[cfe-commits] [patch] cast SymbolVal

Zhongxing Xu xuzhongxing at gmail.com
Sun Feb 22 00:25:36 PST 2009


On Sun, Feb 22, 2009 at 2:43 AM, Ted Kremenek <kremenek at apple.com> wrote:

>
> On Feb 21, 2009, at 2:42 AM, Zhongxing Xu wrote:
>
>  That's understandable, but I still think its not quite the right design
>> for the broader problem.  I think we want to do is update the type
>> information associated with the symbol, not change the symbol itself.  By
>> conjuring up new symbols like this we are going to:
>>
>> I completely agree with that we should update the type information instead
>> of creating a new symbol. But as symbols are immutable, how can we do this?
>> A conjured symbol has three parts of information: Stmt*, QualType, and a
>> Count.

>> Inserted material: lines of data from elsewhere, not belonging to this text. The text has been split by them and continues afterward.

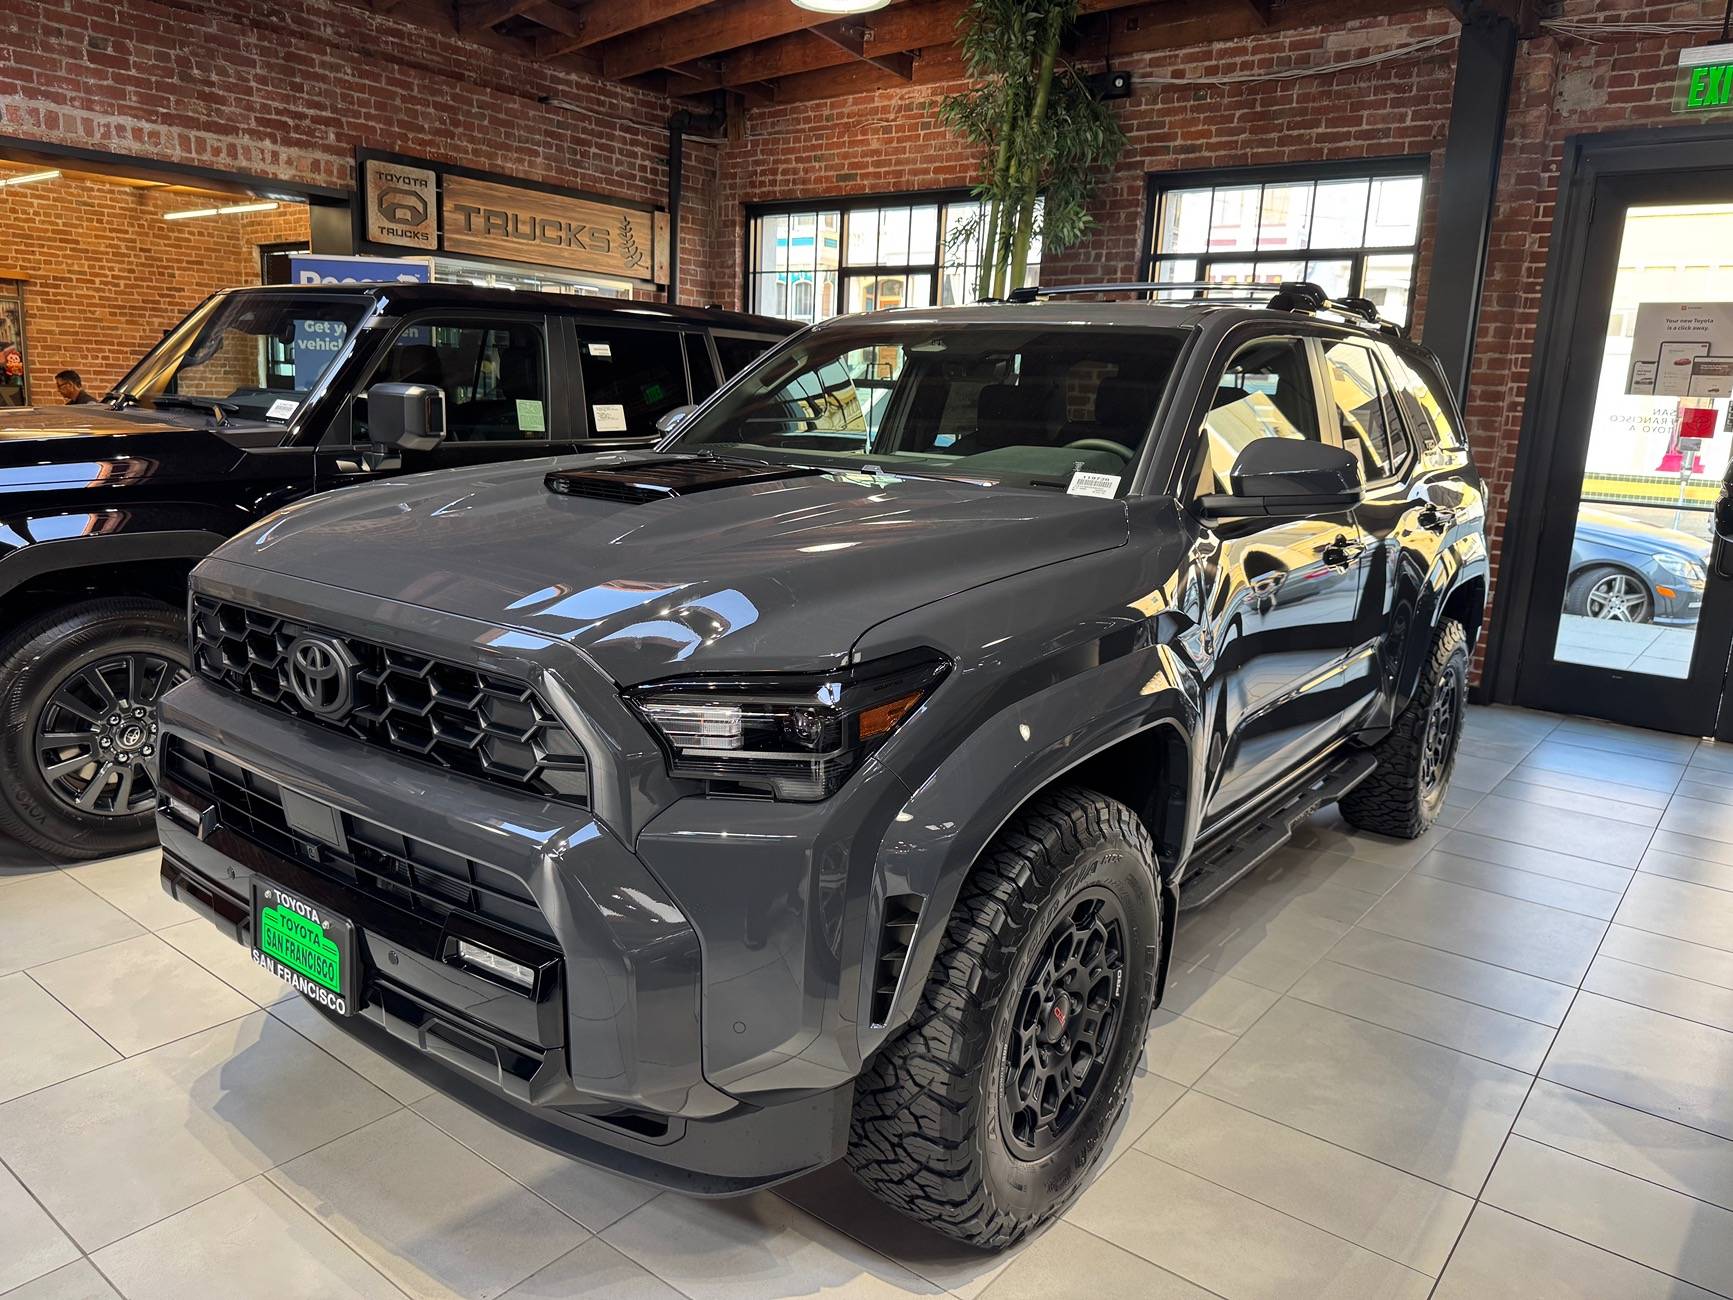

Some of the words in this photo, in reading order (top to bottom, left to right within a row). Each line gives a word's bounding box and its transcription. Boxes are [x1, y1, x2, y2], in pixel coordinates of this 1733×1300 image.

[1688, 65, 1733, 106] EXI
[376, 171, 428, 188] TOYOTA
[378, 226, 429, 241] TRUCKS
[454, 204, 610, 253] TRUCKS
[304, 320, 330, 333] Get
[298, 338, 343, 351] vehicl
[274, 889, 320, 924] TOYOTA
[280, 914, 321, 948] TOYOTA
[266, 927, 284, 954] SAN
[285, 938, 335, 982] FRANCISCO
[252, 949, 275, 974] SAN
[277, 963, 346, 1015] FRANCISCO

Should I take the same Stmt* and Count but with the new QualType to
>> create the new symbol?
>>
>>
>
> Hi Zhongxing,
>
> We have a variety of options, each one which we should probably discuss in
> some detail as I think we're going to have to make some important changes.
>
> 1) Use the GDM to track symbol information.
>
> Pros: Hooks in with our existing mechanism for throwing extra information
> into the GRState.  It also makes symbol information path-sensitive.
>
> Cons: We need access to the GRState object to get a symbol's state, so
> clients would need to be changed/updated.  This is probably okay and
> consistent with many other kinds of meta-data we need to query.
>
> 2) Use AnonTypedRegions to handle the layering of type information.
>
> This whole discussion seems to really only concern symbols that represent
> locations.  When symbols are scalar values, casts will require us reasoning
> about conversions anyway, so I think the type of those symbols will stay
> fixed.
>
> In your example:
>
> void* myfunc();
>
> void f13() {
>  char** array;
>  array = myfunc();
>  char *p = array[0];
>  char c = *p
> }
>
> We can have 'myfunc()' return a loc::SymbolVal with type void* for the
> symbol.  The cast from void* to char** gets the SymbolRegion for the symbol
> and then layers on top of it an AnonTypedRegion.  This is what
> AnonTypedRegion was designed for.  Then 'array[0]' does a lookup on the
> bindings to the ElementRegions of the AnonTypedRegion.
>
> A bonus of this approach is that we can nicely catch path-sensitive type
> errors.  For example:
>
>  char** array;
>  array = myfunc();
>  int** array2 = (void*) array;
>  array[0] = ...
>  int x = array2[0];
>
> Here the load from array2[0] is suspicious because we had a binding to an
> ElementRegion of the AnonTypedRegion(char**) and we are treating it as an
> ElementRegion of the AnonTypedRegion(int**).  This kind of reasoning, while
> potentially complicated, can only be done in the StoreManager since it
> understands how it structures regions.
>
> Pros: Works with our existing infrastructure and APIs.  Provides the
> flexibility to do a whole-bunch of path-sensitive type checking.
>
> Cons: We're still reasoning about loc::SymbolVal(sym) and
> loc::MemoryRegionVal(SymbolicRegion(sym)), two concepts which mean the same
> thing.  This will complicate the logic in EvalCast, the ConstraintManagers,
> etc.


I prefer the AnonTypedRegion approach. The AnonTypedRegion appears to be the
right tool to handle various abuse of the C type system. The first approach
is an option when there are more and more information about a symbol to
track.

>
>
> To address the "con" I suggest we remove loc::SymbolVal and just have
> loc::MemoryRegionVal(SymbolicRegion(sym)).  This is a cleanup I think we
> should do anyway, as it consolidates our reasoning about symbolic memory
> into one place.


Yeah, this cleanup should be done first. Then we won't have symbolic
locations. We will only have symbolic regions.